* _Directions_
Only the records, exactly as written, belong in the answer; pictures do not.

(Supplied entries begins)

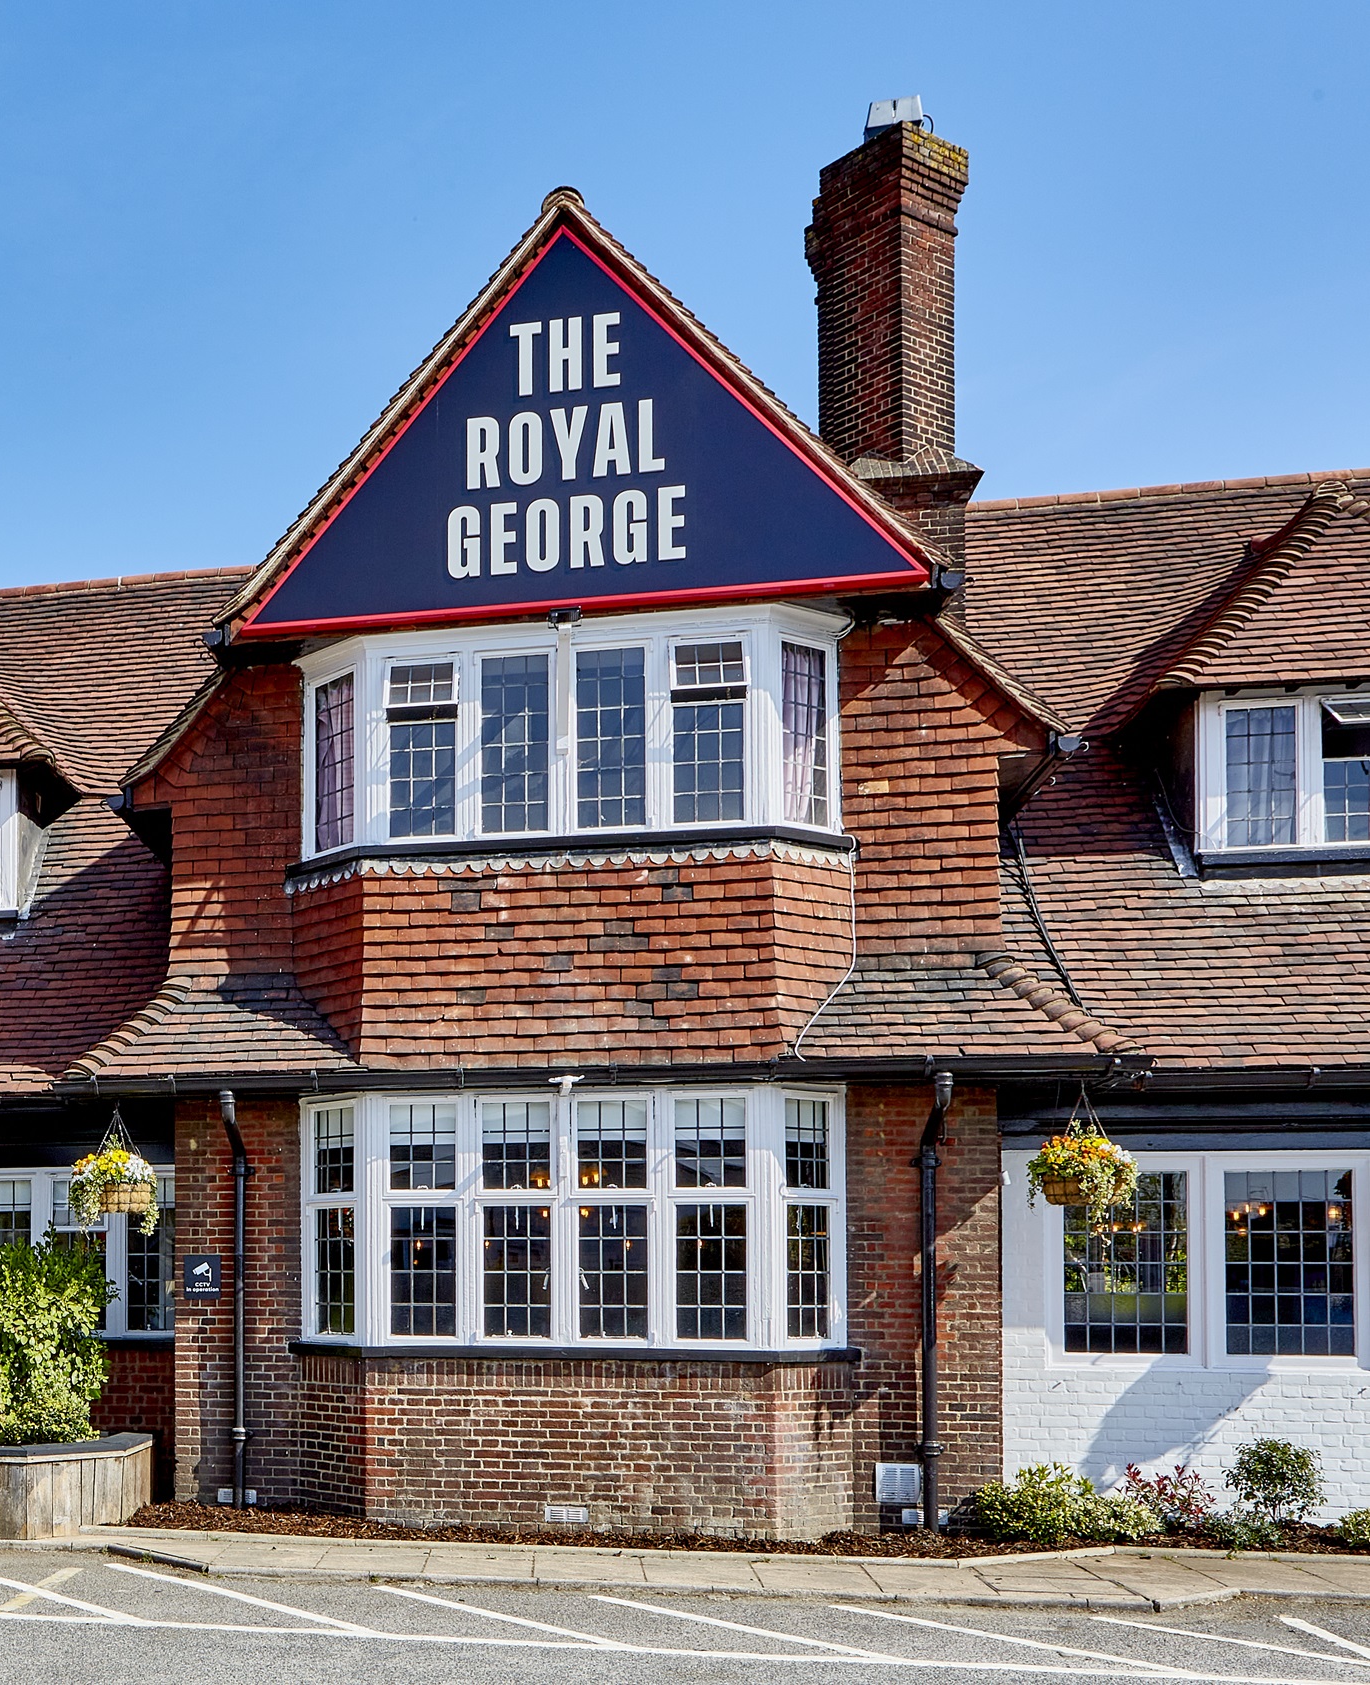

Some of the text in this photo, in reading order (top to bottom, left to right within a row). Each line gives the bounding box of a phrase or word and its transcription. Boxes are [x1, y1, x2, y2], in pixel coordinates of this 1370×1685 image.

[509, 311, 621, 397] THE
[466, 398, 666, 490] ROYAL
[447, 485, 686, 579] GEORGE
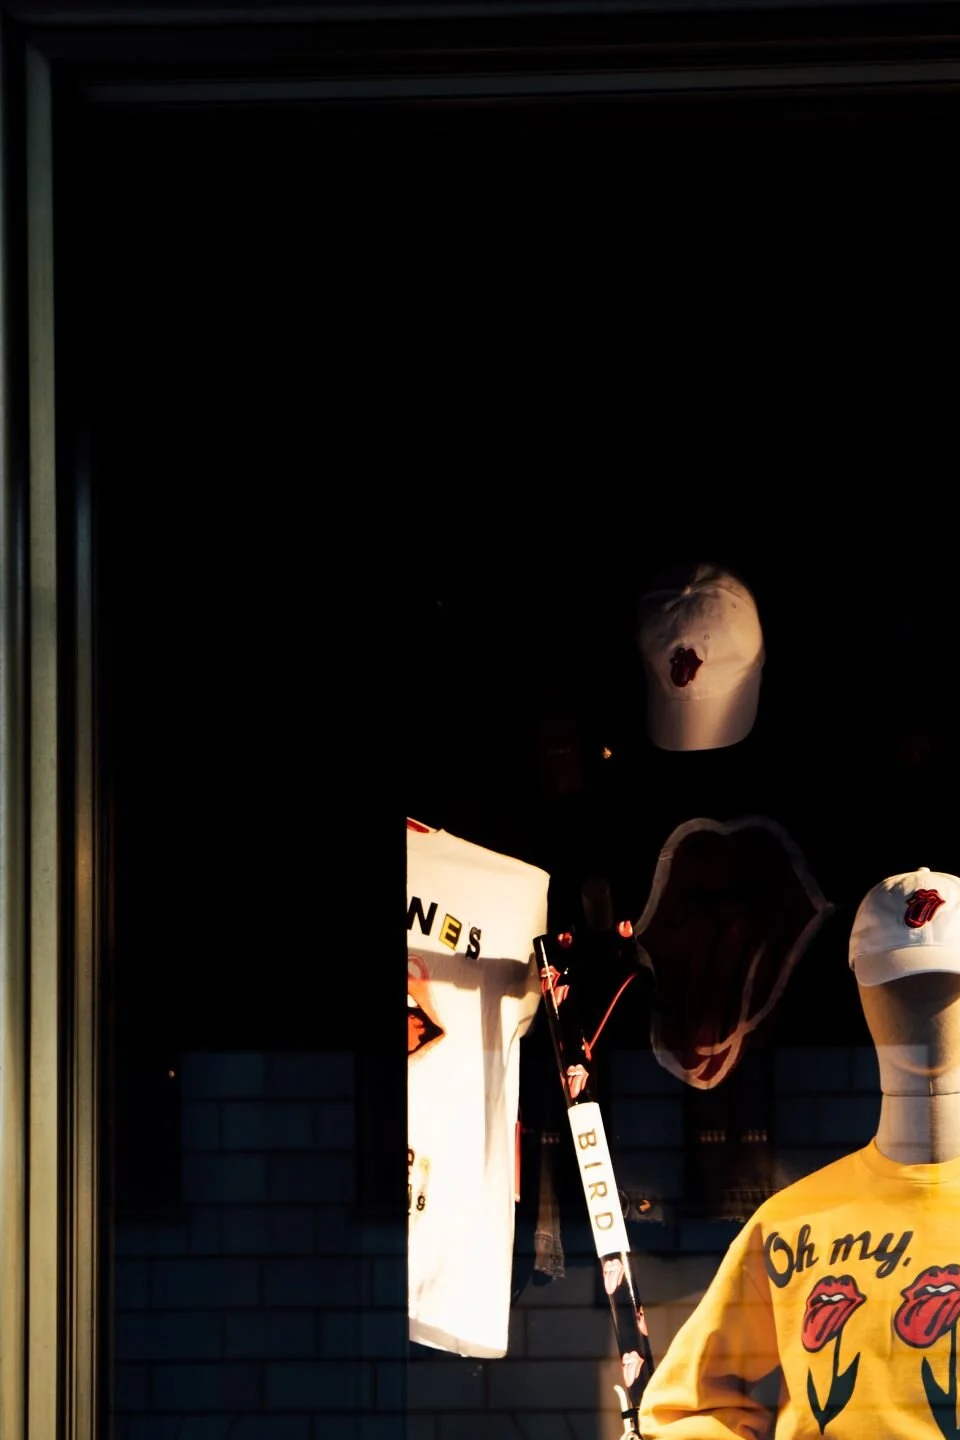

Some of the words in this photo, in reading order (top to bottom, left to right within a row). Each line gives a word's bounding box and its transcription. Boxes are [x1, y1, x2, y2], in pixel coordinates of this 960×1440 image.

(Supplied entries ends)

* _Exercise response_
Some of the text in this photo, in reading order (top to bottom, left to right within a row). Each line gives the bounding box of a phrase or word and its transcription. Boxes are [x1, y1, x2, y2], in pixel coordinates of this 1370×1685 image.

[509, 311, 621, 397] THE
[466, 398, 666, 490] ROYAL
[447, 485, 686, 579] GEORGE

Some of the words in this photo, in reading order (top to bottom, left to right within a row). Each line gives a word's bounding box and its transcription. Boxes are [x1, y1, x2, y2], in pixel coordinates of this 960×1440 image.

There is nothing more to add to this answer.